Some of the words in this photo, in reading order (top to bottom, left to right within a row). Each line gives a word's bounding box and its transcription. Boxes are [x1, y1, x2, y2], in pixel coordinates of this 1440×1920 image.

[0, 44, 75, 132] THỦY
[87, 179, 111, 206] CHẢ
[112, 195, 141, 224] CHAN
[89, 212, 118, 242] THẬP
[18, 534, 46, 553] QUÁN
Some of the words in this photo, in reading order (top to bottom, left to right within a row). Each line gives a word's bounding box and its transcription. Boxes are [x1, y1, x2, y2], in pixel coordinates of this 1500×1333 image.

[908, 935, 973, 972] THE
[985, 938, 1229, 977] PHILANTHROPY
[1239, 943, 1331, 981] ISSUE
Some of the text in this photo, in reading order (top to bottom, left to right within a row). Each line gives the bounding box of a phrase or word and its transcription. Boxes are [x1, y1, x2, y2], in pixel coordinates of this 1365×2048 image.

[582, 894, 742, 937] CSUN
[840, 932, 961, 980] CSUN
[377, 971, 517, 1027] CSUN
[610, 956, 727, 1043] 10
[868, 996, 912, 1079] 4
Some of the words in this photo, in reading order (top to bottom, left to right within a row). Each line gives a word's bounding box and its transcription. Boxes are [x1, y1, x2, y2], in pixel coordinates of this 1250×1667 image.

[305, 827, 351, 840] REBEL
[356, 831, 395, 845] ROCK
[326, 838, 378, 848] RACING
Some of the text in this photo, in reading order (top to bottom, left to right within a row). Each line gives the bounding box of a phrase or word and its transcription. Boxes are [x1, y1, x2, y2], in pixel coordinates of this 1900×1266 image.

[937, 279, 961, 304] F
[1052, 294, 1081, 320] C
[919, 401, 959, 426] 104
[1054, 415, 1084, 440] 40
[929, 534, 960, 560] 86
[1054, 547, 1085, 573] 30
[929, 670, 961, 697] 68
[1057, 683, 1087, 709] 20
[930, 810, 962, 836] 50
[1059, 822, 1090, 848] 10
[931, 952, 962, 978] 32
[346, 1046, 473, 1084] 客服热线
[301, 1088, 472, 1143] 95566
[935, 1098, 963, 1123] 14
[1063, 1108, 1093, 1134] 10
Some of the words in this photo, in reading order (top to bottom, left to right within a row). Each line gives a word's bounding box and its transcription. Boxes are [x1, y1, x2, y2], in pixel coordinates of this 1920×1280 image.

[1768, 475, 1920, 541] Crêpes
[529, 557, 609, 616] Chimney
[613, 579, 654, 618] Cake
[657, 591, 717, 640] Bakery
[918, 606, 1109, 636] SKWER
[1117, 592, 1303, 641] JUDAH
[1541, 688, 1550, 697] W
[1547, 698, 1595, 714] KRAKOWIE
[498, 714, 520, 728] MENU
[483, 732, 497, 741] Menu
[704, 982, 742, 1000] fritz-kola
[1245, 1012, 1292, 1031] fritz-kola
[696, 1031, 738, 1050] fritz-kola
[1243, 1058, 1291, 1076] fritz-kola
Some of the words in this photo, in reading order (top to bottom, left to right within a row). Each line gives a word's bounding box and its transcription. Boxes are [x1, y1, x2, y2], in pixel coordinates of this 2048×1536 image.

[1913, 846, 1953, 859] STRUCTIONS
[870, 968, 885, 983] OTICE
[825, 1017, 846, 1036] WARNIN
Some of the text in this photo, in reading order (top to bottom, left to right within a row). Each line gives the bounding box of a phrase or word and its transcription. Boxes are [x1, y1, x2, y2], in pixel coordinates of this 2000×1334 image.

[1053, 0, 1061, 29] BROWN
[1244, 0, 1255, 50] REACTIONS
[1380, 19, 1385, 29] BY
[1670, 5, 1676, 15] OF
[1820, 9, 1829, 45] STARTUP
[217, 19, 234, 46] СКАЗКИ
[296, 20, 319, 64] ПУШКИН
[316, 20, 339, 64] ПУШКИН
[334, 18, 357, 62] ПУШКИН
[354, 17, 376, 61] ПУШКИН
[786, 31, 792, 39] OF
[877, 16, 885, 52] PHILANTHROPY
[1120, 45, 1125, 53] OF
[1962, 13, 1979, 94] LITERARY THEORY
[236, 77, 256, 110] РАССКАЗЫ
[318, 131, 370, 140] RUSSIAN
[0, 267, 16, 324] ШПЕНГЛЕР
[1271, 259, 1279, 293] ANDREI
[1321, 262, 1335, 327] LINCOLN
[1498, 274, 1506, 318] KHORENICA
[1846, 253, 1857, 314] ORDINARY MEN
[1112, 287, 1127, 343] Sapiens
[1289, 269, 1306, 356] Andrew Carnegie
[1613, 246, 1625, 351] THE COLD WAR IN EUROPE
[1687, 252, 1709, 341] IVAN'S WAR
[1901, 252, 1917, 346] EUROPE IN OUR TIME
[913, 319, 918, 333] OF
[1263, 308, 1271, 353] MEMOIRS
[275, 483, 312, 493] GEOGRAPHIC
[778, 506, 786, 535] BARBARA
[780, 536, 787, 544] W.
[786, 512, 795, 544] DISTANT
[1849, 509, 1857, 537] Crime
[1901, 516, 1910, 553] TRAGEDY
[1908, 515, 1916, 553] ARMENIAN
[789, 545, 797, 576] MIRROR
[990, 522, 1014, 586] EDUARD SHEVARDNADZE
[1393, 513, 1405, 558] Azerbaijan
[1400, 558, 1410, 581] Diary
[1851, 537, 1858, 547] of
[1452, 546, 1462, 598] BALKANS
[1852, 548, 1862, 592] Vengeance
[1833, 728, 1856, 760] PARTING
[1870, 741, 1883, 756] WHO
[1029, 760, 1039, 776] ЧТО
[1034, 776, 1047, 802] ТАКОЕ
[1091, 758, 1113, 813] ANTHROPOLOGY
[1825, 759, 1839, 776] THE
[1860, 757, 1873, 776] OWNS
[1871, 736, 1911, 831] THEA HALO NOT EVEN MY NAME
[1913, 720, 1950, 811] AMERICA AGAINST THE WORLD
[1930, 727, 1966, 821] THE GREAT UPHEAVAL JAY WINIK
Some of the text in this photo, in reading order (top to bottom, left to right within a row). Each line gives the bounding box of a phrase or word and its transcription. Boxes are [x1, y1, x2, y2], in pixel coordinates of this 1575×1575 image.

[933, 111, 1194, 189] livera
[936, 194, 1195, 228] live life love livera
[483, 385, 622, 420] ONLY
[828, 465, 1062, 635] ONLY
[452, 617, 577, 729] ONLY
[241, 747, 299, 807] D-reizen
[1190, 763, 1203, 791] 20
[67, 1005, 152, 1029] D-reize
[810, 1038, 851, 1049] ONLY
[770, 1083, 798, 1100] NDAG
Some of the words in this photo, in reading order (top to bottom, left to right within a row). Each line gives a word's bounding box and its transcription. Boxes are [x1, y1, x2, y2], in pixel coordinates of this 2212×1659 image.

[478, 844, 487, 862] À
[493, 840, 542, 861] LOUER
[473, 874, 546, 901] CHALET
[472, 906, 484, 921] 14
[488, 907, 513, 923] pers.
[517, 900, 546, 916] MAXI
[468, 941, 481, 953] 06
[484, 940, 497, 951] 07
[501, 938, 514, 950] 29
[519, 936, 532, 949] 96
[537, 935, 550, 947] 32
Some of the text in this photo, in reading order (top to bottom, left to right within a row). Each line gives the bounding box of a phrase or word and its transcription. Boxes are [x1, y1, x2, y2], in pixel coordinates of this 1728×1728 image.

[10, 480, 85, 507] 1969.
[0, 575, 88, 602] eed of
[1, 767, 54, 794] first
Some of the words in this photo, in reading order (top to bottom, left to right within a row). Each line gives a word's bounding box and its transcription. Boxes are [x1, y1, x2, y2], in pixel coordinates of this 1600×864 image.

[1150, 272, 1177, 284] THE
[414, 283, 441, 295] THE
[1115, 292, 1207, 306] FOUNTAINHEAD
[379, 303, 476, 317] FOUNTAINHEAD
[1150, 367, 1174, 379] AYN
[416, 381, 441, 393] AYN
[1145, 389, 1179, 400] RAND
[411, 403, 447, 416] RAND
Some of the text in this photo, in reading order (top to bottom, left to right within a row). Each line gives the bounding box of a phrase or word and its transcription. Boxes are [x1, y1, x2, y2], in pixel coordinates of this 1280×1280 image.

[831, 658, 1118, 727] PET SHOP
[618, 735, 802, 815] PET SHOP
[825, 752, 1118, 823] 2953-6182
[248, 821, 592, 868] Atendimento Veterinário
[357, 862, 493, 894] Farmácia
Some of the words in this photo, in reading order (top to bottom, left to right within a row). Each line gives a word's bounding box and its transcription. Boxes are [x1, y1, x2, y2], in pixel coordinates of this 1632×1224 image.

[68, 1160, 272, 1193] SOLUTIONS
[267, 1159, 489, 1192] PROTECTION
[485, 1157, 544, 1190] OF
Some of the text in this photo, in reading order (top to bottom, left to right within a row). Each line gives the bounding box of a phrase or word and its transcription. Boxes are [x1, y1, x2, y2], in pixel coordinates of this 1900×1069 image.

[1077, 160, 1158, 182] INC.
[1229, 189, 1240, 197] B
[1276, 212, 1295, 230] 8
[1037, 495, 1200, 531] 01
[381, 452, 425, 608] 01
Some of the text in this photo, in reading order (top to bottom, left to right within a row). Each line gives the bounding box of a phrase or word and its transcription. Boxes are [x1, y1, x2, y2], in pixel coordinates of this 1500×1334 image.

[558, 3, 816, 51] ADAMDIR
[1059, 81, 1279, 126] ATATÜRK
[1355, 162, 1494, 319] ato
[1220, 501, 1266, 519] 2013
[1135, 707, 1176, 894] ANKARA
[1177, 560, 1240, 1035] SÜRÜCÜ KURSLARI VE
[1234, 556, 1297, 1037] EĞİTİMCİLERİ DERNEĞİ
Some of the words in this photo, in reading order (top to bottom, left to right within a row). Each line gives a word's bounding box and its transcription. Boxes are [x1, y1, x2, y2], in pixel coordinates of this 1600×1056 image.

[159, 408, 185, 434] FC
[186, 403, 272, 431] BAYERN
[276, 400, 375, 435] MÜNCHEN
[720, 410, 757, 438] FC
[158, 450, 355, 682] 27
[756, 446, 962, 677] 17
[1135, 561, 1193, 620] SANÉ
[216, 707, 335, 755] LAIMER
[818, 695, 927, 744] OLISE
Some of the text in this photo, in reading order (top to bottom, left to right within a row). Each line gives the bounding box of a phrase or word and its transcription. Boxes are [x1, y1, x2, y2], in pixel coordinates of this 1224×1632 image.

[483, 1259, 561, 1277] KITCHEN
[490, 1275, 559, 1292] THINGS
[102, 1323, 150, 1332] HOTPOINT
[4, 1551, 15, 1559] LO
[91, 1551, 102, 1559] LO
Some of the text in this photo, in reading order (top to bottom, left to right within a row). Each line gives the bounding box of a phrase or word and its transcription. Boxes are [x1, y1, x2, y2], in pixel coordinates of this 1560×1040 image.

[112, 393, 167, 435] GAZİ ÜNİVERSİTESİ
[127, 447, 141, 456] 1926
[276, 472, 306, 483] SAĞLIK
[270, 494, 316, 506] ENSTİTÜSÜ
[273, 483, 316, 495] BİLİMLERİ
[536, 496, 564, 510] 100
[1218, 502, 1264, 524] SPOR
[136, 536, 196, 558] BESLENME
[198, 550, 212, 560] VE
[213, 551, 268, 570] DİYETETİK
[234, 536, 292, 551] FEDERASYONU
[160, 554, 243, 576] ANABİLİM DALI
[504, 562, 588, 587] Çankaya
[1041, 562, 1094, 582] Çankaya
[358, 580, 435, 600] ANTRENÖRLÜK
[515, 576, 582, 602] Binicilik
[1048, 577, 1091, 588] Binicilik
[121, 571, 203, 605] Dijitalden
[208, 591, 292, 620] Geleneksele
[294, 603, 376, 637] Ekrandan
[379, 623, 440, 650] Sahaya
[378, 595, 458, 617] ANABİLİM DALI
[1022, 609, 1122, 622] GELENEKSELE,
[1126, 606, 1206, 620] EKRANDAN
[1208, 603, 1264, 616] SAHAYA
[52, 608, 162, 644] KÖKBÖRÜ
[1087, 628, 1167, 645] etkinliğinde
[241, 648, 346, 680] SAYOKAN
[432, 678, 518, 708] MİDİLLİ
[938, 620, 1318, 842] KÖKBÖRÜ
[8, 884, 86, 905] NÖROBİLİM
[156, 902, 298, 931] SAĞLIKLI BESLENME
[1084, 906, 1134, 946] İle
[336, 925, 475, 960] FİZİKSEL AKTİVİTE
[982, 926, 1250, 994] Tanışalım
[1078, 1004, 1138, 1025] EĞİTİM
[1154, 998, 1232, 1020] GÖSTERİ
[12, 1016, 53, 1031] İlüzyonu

════════════════════

PROBLEM TO SOLVE: Copy out exactly the lines between the line with "this 1560×1040 image." and the last line of the entries, counting both of those lines.

RESULT OF THE EXERCISE:
Some of the text in this photo, in reading order (top to bottom, left to right within a row). Each line gives the bounding box of a phrase or word and its transcription. Boxes are [x1, y1, x2, y2], in pixel coordinates of this 1560×1040 image.

[112, 393, 167, 435] GAZİ ÜNİVERSİTESİ
[127, 447, 141, 456] 1926
[276, 472, 306, 483] SAĞLIK
[270, 494, 316, 506] ENSTİTÜSÜ
[273, 483, 316, 495] BİLİMLERİ
[536, 496, 564, 510] 100
[1218, 502, 1264, 524] SPOR
[136, 536, 196, 558] BESLENME
[198, 550, 212, 560] VE
[213, 551, 268, 570] DİYETETİK
[234, 536, 292, 551] FEDERASYONU
[160, 554, 243, 576] ANABİLİM DALI
[504, 562, 588, 587] Çankaya
[1041, 562, 1094, 582] Çankaya
[358, 580, 435, 600] ANTRENÖRLÜK
[515, 576, 582, 602] Binicilik
[1048, 577, 1091, 588] Binicilik
[121, 571, 203, 605] Dijitalden
[208, 591, 292, 620] Geleneksele
[294, 603, 376, 637] Ekrandan
[379, 623, 440, 650] Sahaya
[378, 595, 458, 617] ANABİLİM DALI
[1022, 609, 1122, 622] GELENEKSELE,
[1126, 606, 1206, 620] EKRANDAN
[1208, 603, 1264, 616] SAHAYA
[52, 608, 162, 644] KÖKBÖRÜ
[1087, 628, 1167, 645] etkinliğinde
[241, 648, 346, 680] SAYOKAN
[432, 678, 518, 708] MİDİLLİ
[938, 620, 1318, 842] KÖKBÖRÜ
[8, 884, 86, 905] NÖROBİLİM
[156, 902, 298, 931] SAĞLIKLI BESLENME
[1084, 906, 1134, 946] İle
[336, 925, 475, 960] FİZİKSEL AKTİVİTE
[982, 926, 1250, 994] Tanışalım
[1078, 1004, 1138, 1025] EĞİTİM
[1154, 998, 1232, 1020] GÖSTERİ
[12, 1016, 53, 1031] İlüzyonu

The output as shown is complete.